The Legislature provided for elective compensation for adult and child workers and required insurance coverage for it. It gave both adult and child workers the choice of suit for damages without certain draconian common law defenses. It required insurance coverage for it. The Legislature permitted minors to void an election after injury. Then, according to plaintiff, it decided it did not care if the civil suit, chosen after injury as a special benefit for minors, would have the very same insurance coverage required for civil suits chosen before injury. If plaintiff's position is correct that is, that it may exclude an illegally employed minor's suit for damages — then it may exclude a lawfully employed minor's suit as well. Both arise out of the same reservation in N.J.S.A. 34:15-10. If one is outside the statutory scheme, then so is the other. If plaintiff is right, therefore, an audit choosing a civil remedy has to be covered, but a minor loses coverage by making his choice after rather than before injury. Plaintiff has offered no explanation why the legislators would have wanted to create such a bizarre scheme.
One could argue that the minor's action for damages was neither a creature nor a casualty of Chapter 15 but simply untouched by its enactment. See, e.g., Damato v. DeLucia, 110 N.J.L. 380 (E. A. 1933). The insurance required by Chapter 15, one could continue, is for remedies furnished thereby. Since the minor's suit merely survives the legislation, an employer need not insure against it.
There are two defects in the argument. First is that the minor's suit is not merely saluted and forgotten by the statute. Rather, it is fitted consciously and appropriately into a complex and balanced system of compensation for work injuries. It is, therefore, more sensibly seen as one of the alternative bases for "payment of any obligation which [the employer] may incur to an injured employee" under Chapter 15. N.J.S.A. 34:15-71, 72.

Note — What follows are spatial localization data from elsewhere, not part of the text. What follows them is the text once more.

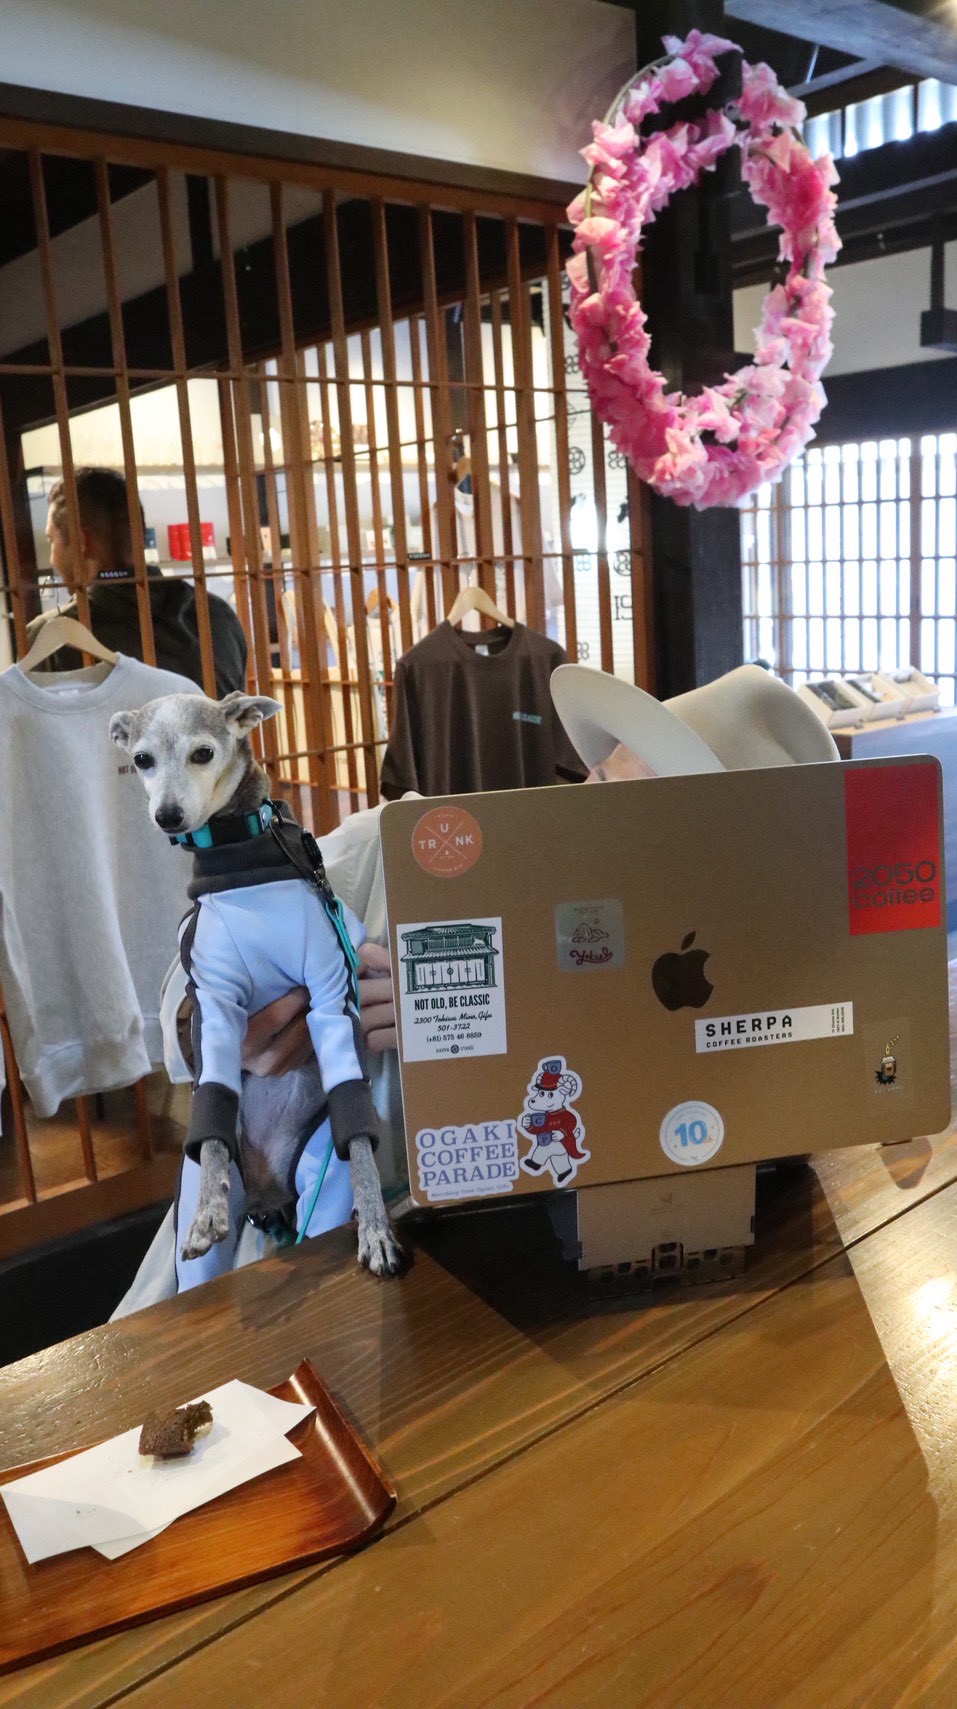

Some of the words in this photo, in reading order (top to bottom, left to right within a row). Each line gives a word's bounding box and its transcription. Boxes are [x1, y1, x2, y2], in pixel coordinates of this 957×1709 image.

[852, 861, 936, 890] 2050
[414, 998, 430, 1011] NOT
[431, 997, 447, 1010] OLD,
[449, 996, 458, 1008] BE
[460, 993, 490, 1007] CLASSIC
[437, 1023, 471, 1032] 501-3722
[705, 1015, 792, 1037] SHERPA
[426, 1035, 442, 1043] (+81)
[706, 1038, 742, 1048] COFFEE
[745, 1032, 793, 1043] ROASTERS
[419, 1123, 514, 1149] OGAKI
[674, 1119, 707, 1147] 10
[421, 1142, 515, 1168] COFFEE
[422, 1161, 516, 1187] PARADE

The second defect is that the conclusion of the argument is so pointless. The statutes we deal with were necessary legislative reactions to 19th Century industrial excesses. The reformers who created workmen's compensation and factory law remedies for injured workers and industrially abused minors simply would not purposely deprive an illegally employed 13-year-old, who claims injury by the negligence of his employer, insurance protection granted routinely to almost everyone else. Similarly, it is not helpful to point out the salutary effect of not insuring illegal employments. Such encouragement for the future is little comfort to the already injured child. Moreover, the same argument would justify withdrawal of insurance where safety and health regulations were violated by the employer. Such a course might cure some violations but at obviously excessive cost to those already injured. If the insurers hesitate to cover illegal employments, perhaps their remedy is reimbursement from the employer and not deprivation of the employee. See 4 Larson, Workmen's Compensation Law, § 94.10.
For all of these reasons, the exclusionary clause for compensatory damages does not apply to Christopher Carbonaro. Either he seeks compensation described in Coverage "A" or he seeks damages under Coverage "B". If it be the former, the exclusion of illegal employments, by its own terms, does not apply. If it be the latter, the exclusion may not be applied to an illegally employed minor, without violating N.J.S.A. 34:15-87.
Plainly the policy does not cover any claim for punitive damages under Coverage "A", and excludes it under Coverage "B".